Le Messie du peuple chauve

GUILBERT-BILLETDOUX Augustin

Bastien, vingt-six ans, apprend qu’il est atteint d’« alopécie androgénogénétique » (calvitie précoce). Il est anéanti. Son entourage prend les choses trop à la légère ; il plaque sa petite amie, consulte forums et blogs sur la « maladie » et quitte son métier d’avocat. Il se fait embaucher par une ONG, Vert de Terre, et part en Inde à un sommet international sur l’avenir de la planète. Là, il décide de devenir le Messie des Chauves et de défendre leur cause par une prise de position radicale… Augustin Guilbert-Billetdoux, fils de l’écrivain Marie Billetdoux et du journaliste disparu Paul Guilbert, publie son premier roman, un morceau de bravoure délirant, servi par un style débridé, parfois très réussi. Le sujet principal, la calvitie, est prétexte à de multiples calembours et métaphores.

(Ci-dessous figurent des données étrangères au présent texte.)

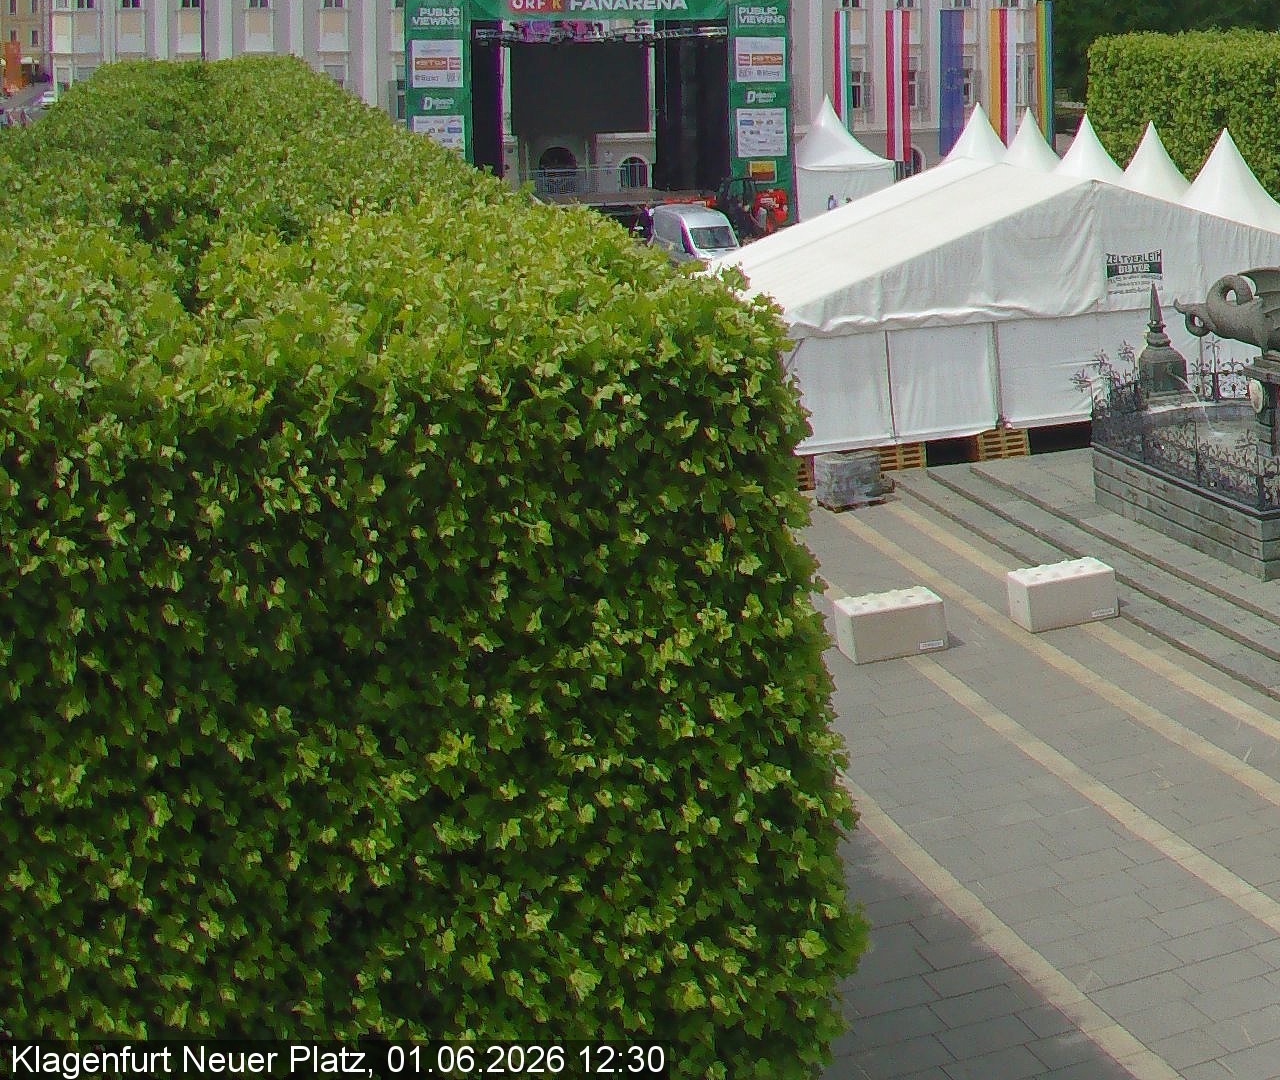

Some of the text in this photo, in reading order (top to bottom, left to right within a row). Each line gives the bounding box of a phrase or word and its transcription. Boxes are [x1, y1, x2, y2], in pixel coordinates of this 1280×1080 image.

[419, 7, 460, 16] PUBLIC
[739, 6, 779, 15] PUBLIC
[412, 16, 460, 26] VIEWING
[739, 14, 786, 24] VIEWING
[1105, 249, 1163, 265] ZELTVERLEIH

L’auteur, spécialiste des questions environnementales, s’enflamme en développements très sérieux sur le thème, qui surprennent dans ce contexte plutôt burlesque. L’ensemble, une farce grandiloquente qui se prend épisodiquement au sérieux, ne retient pas vraiment l’intérêt. Reste un goût évident pour les mots qui peut augurer d’un talent prometteur.